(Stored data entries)
☆ ☆ ☆ ☆ ☆ ☆ ☆

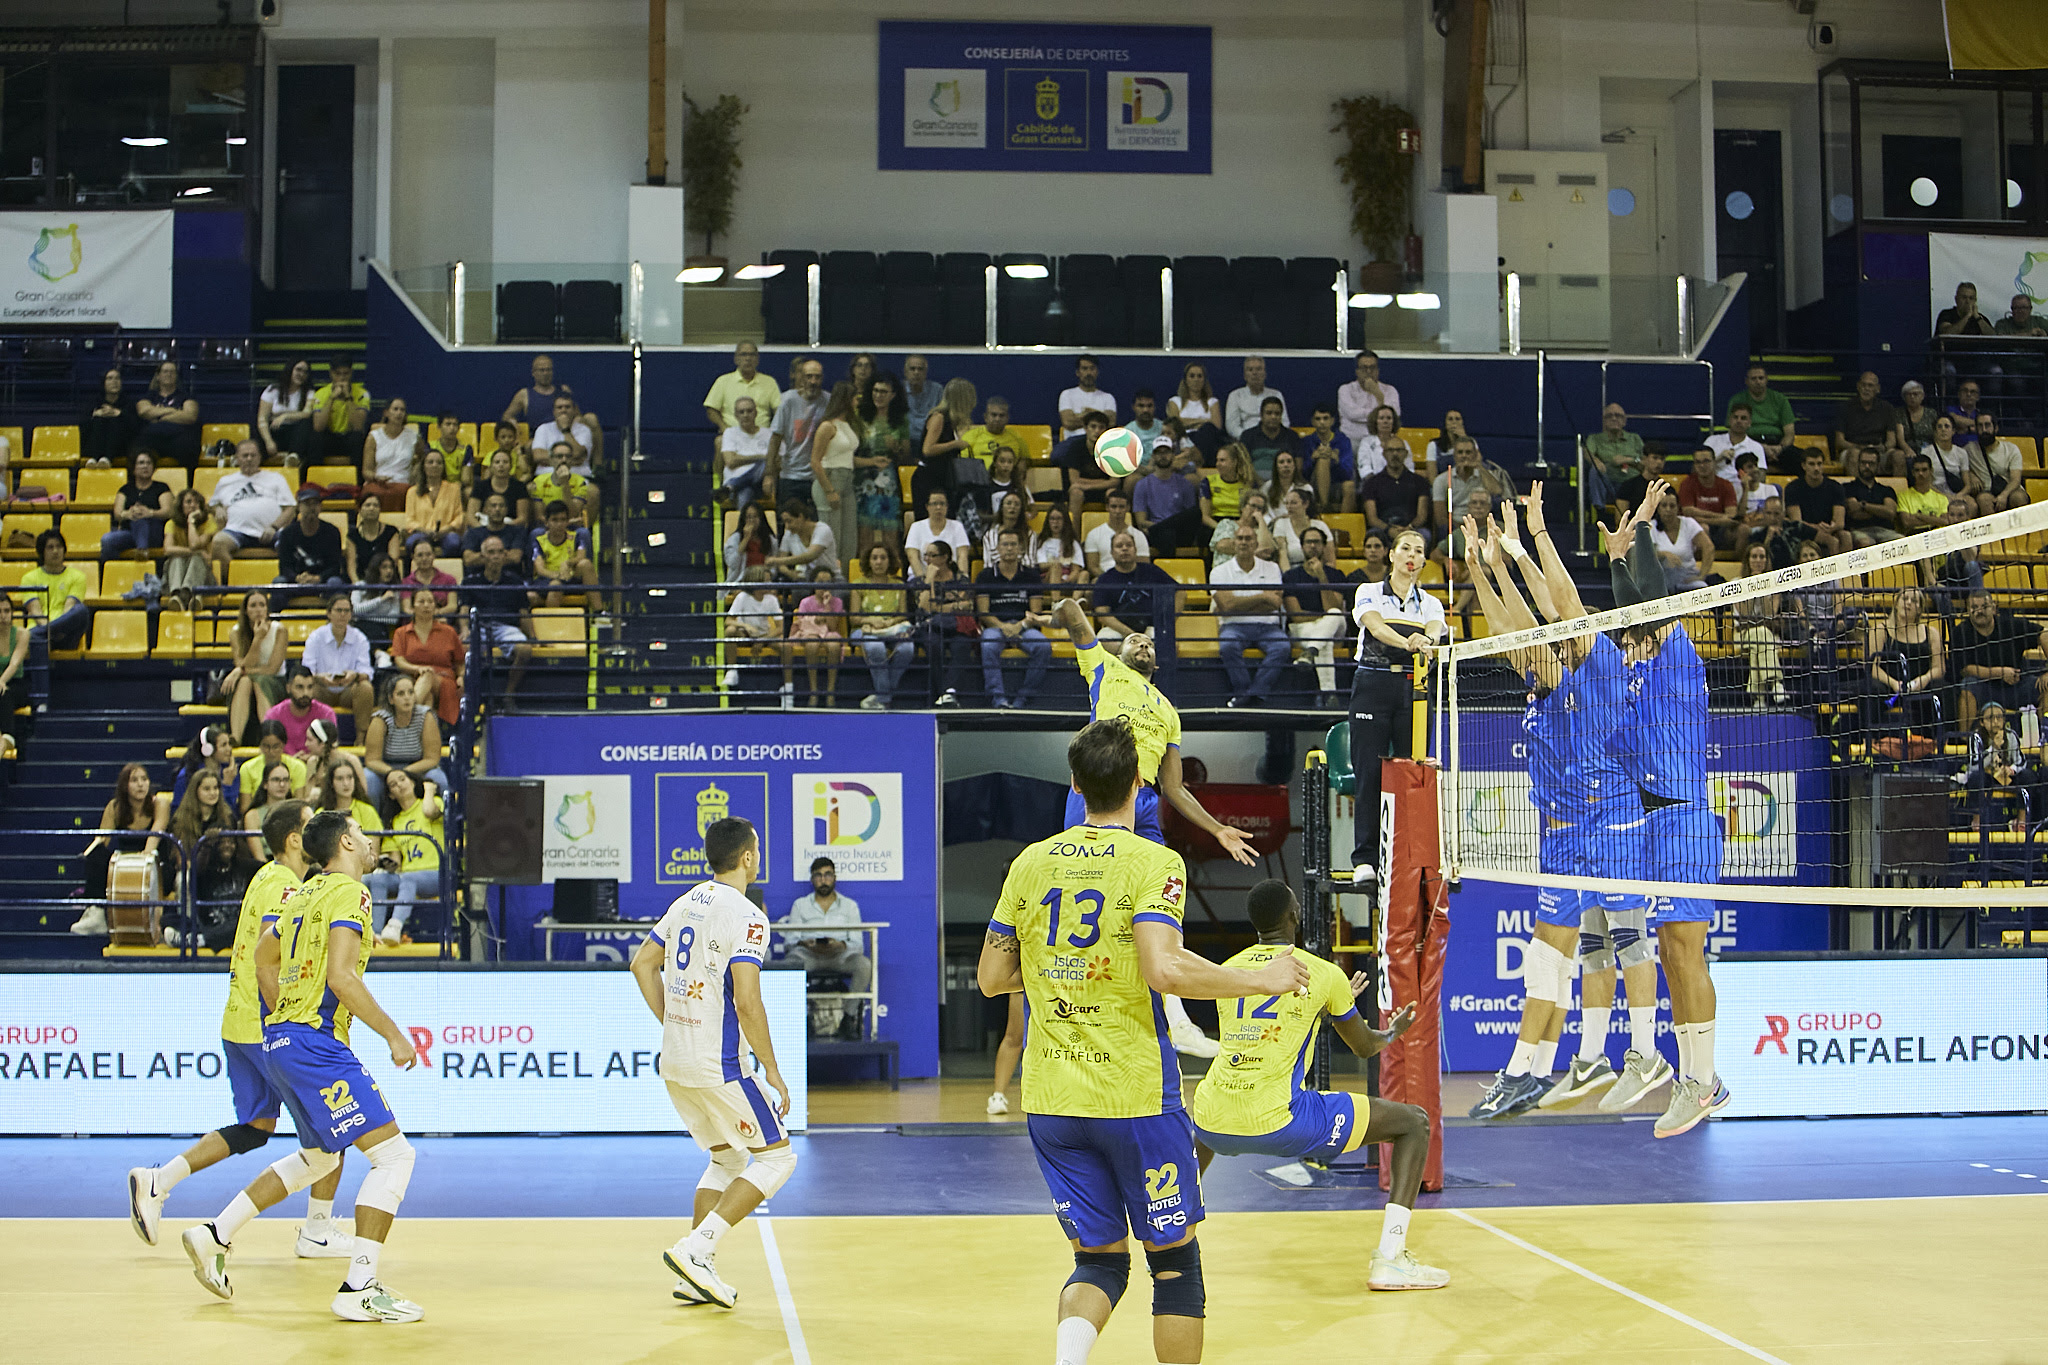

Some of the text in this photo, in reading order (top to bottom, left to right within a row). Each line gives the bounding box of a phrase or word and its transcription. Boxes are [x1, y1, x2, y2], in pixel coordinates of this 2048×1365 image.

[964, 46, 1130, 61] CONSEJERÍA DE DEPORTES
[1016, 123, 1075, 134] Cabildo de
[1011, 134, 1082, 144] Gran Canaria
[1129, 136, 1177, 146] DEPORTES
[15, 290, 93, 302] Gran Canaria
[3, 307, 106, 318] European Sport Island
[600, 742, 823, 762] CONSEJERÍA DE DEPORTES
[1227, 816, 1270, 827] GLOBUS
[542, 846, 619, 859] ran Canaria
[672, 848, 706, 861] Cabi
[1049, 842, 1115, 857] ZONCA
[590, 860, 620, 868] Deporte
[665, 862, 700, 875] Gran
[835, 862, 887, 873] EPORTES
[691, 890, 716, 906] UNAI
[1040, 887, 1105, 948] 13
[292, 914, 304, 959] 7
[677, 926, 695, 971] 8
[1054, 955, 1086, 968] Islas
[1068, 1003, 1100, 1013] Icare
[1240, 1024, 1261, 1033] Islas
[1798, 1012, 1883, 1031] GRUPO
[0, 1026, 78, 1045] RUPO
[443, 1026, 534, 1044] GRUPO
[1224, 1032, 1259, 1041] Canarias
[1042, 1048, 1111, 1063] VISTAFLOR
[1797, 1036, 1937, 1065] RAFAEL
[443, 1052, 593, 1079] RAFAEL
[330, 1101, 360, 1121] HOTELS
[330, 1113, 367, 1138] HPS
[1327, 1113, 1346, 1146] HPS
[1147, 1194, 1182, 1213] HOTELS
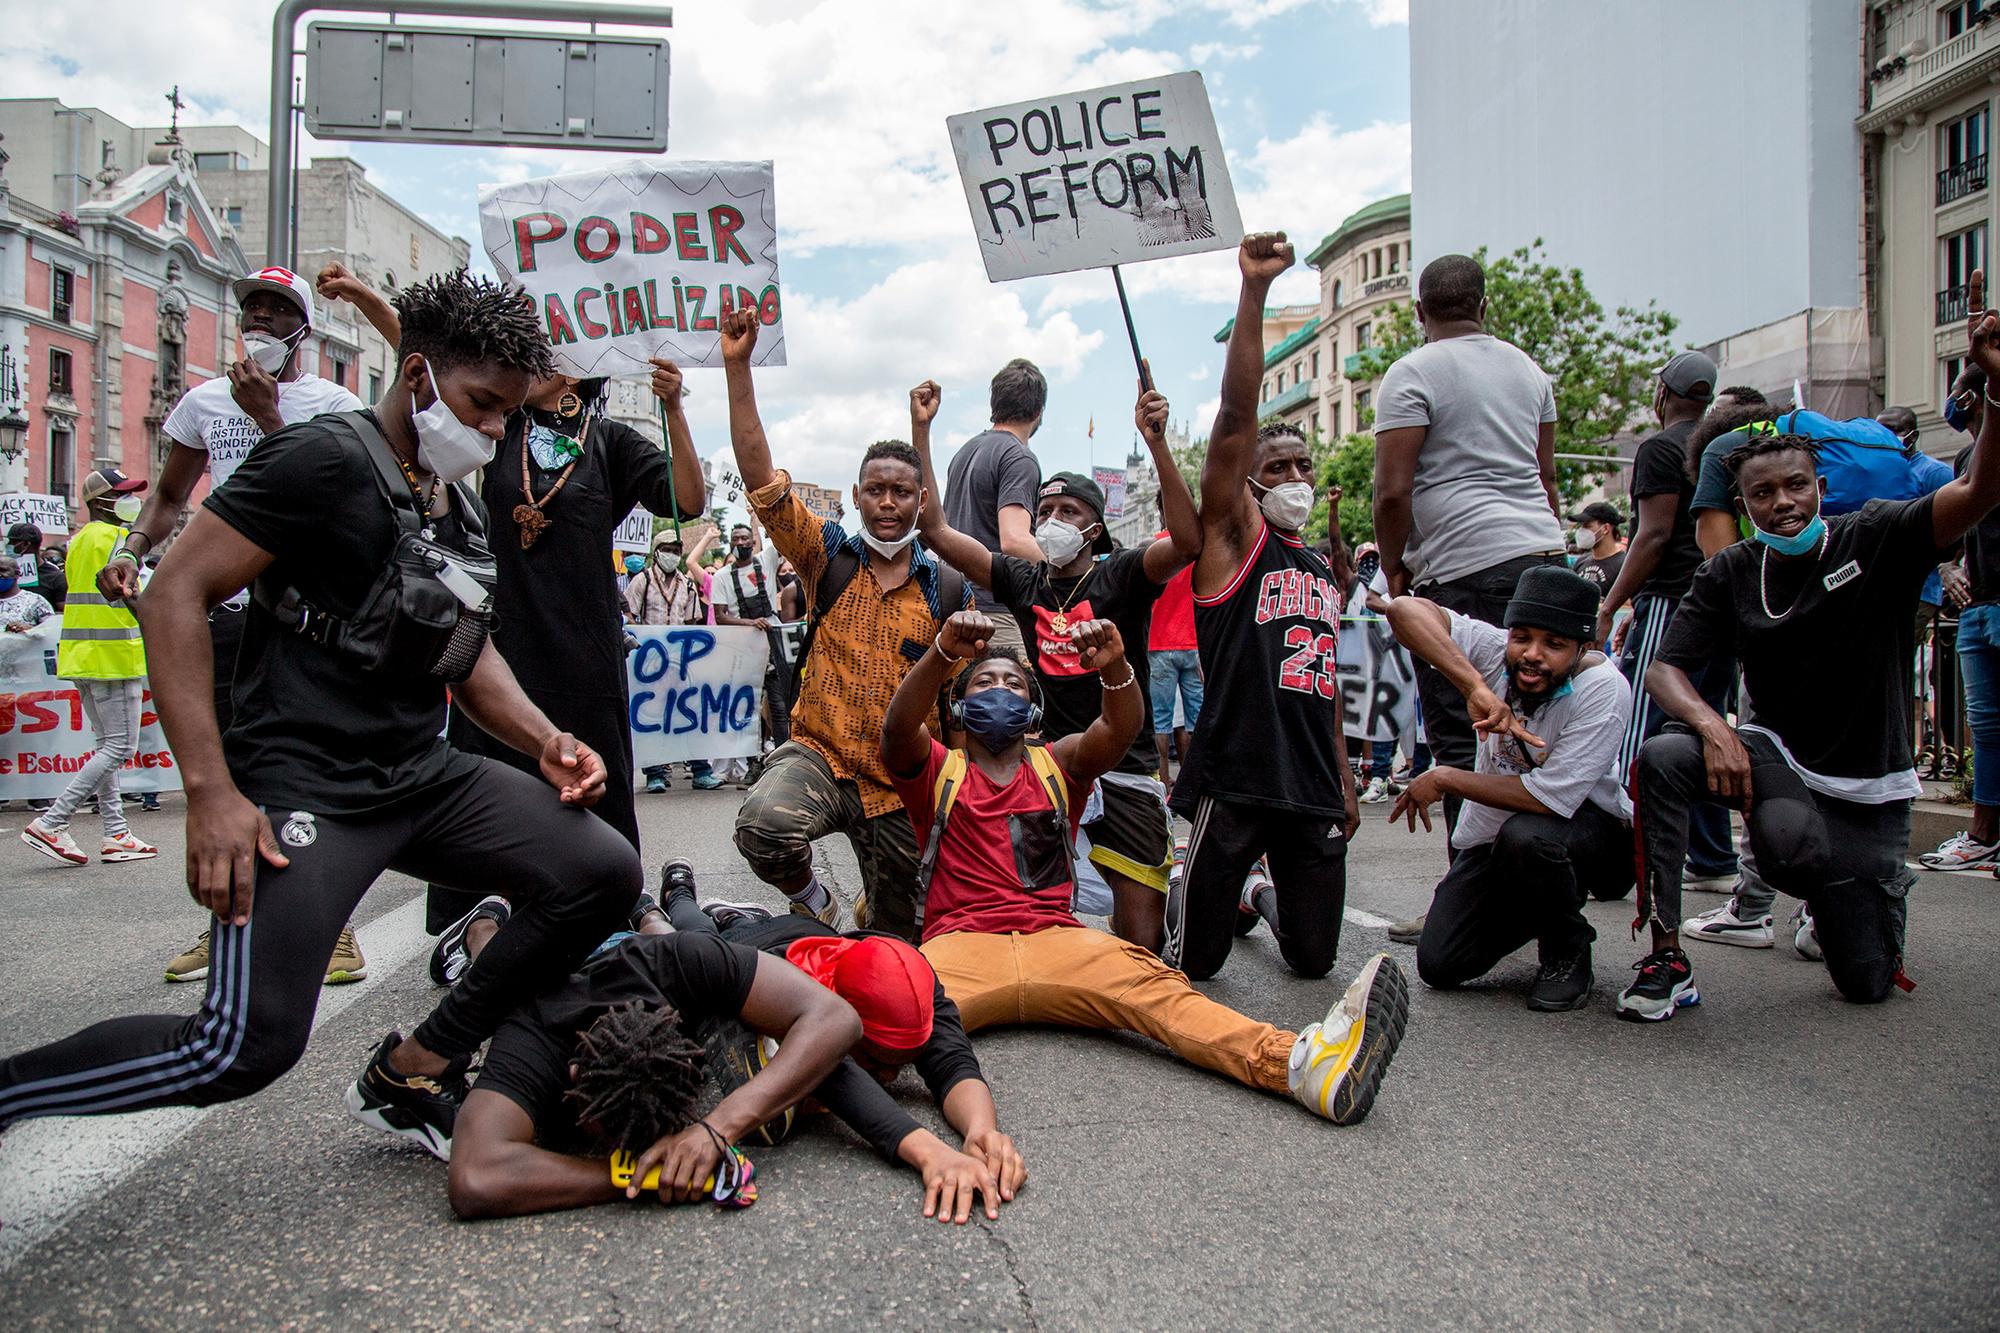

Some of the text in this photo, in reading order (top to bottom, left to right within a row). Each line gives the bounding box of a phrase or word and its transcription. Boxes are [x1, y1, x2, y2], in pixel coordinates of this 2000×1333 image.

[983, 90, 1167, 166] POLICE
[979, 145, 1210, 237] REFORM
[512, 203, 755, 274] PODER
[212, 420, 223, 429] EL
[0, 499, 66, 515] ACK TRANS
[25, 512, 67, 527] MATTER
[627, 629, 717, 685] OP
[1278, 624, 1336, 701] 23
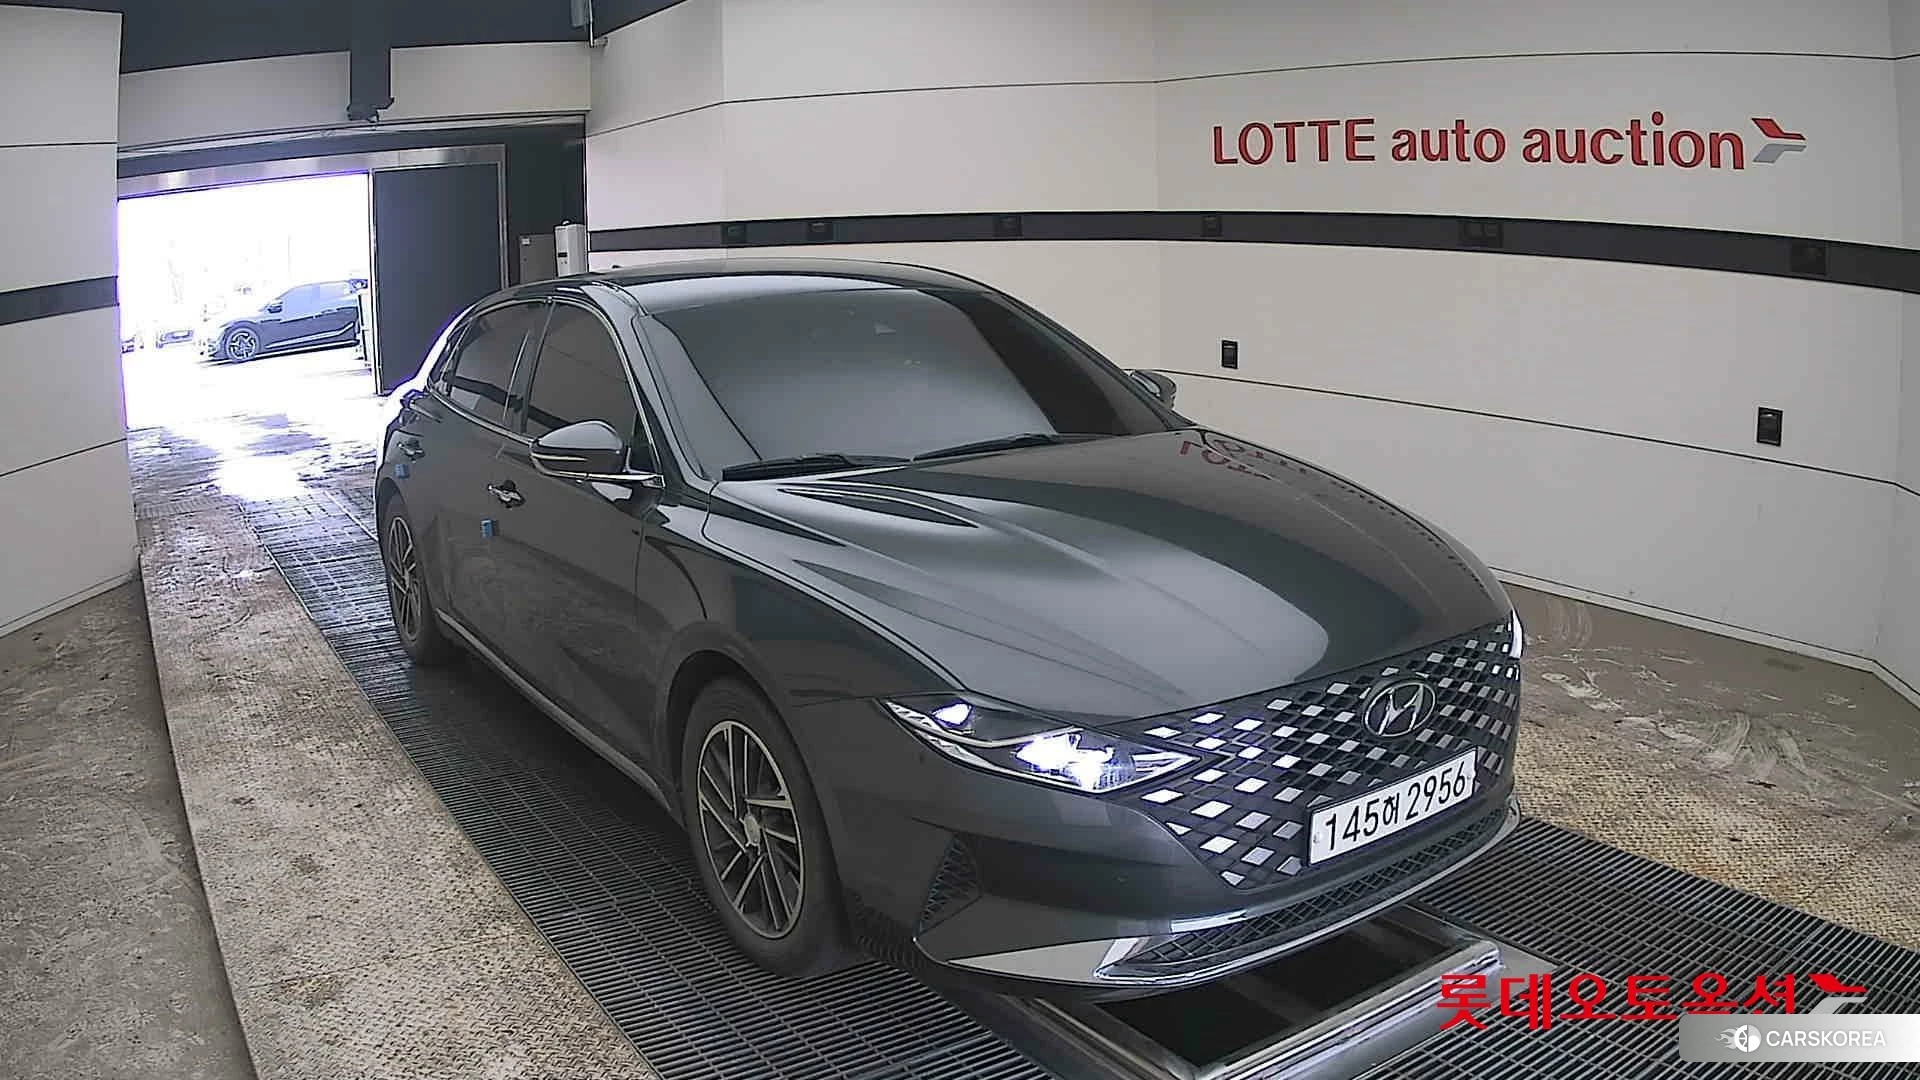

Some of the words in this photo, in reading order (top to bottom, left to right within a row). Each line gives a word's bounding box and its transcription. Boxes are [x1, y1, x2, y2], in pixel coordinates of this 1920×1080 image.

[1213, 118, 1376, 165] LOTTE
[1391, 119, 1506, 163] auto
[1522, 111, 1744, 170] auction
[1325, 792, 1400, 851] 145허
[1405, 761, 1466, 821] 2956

☆ ☆ ☆ ☆ ☆ ☆ ☆

[Assignment]
What's needed is an exact copy of every entry, minus the pictures.

[Written answer]
Some of the text in this photo, in reading order (top to bottom, left to right within a row). Each line gives the bounding box of a phrase or word and its transcription. Boxes are [x1, y1, x2, y2], in pixel coordinates of this 2048×1365 image.

[964, 46, 1130, 61] CONSEJERÍA DE DEPORTES
[1016, 123, 1075, 134] Cabildo de
[1011, 134, 1082, 144] Gran Canaria
[1129, 136, 1177, 146] DEPORTES
[15, 290, 93, 302] Gran Canaria
[3, 307, 106, 318] European Sport Island
[600, 742, 823, 762] CONSEJERÍA DE DEPORTES
[1227, 816, 1270, 827] GLOBUS
[542, 846, 619, 859] ran Canaria
[672, 848, 706, 861] Cabi
[1049, 842, 1115, 857] ZONCA
[590, 860, 620, 868] Deporte
[665, 862, 700, 875] Gran
[835, 862, 887, 873] EPORTES
[691, 890, 716, 906] UNAI
[1040, 887, 1105, 948] 13
[292, 914, 304, 959] 7
[677, 926, 695, 971] 8
[1054, 955, 1086, 968] Islas
[1068, 1003, 1100, 1013] Icare
[1240, 1024, 1261, 1033] Islas
[1798, 1012, 1883, 1031] GRUPO
[0, 1026, 78, 1045] RUPO
[443, 1026, 534, 1044] GRUPO
[1224, 1032, 1259, 1041] Canarias
[1042, 1048, 1111, 1063] VISTAFLOR
[1797, 1036, 1937, 1065] RAFAEL
[443, 1052, 593, 1079] RAFAEL
[330, 1101, 360, 1121] HOTELS
[330, 1113, 367, 1138] HPS
[1327, 1113, 1346, 1146] HPS
[1147, 1194, 1182, 1213] HOTELS

Some of the text in this photo, in reading order (top to bottom, left to right within a row). Each line gives the bounding box of a phrase or word and its transcription. Boxes are [x1, y1, x2, y2], in pixel coordinates of this 2000×1333 image.

[983, 90, 1167, 166] POLICE
[979, 145, 1210, 237] REFORM
[512, 203, 755, 274] PODER
[212, 420, 223, 429] EL
[0, 499, 66, 515] ACK TRANS
[25, 512, 67, 527] MATTER
[627, 629, 717, 685] OP
[1278, 624, 1336, 701] 23

Some of the words in this photo, in reading order (top to bottom, left to right within a row). Each line gives a word's bounding box and its transcription. Boxes are [x1, y1, x2, y2], in pixel coordinates of this 1920×1080 image.

[1213, 118, 1376, 165] LOTTE
[1391, 119, 1506, 163] auto
[1522, 111, 1744, 170] auction
[1325, 792, 1400, 851] 145허
[1405, 761, 1466, 821] 2956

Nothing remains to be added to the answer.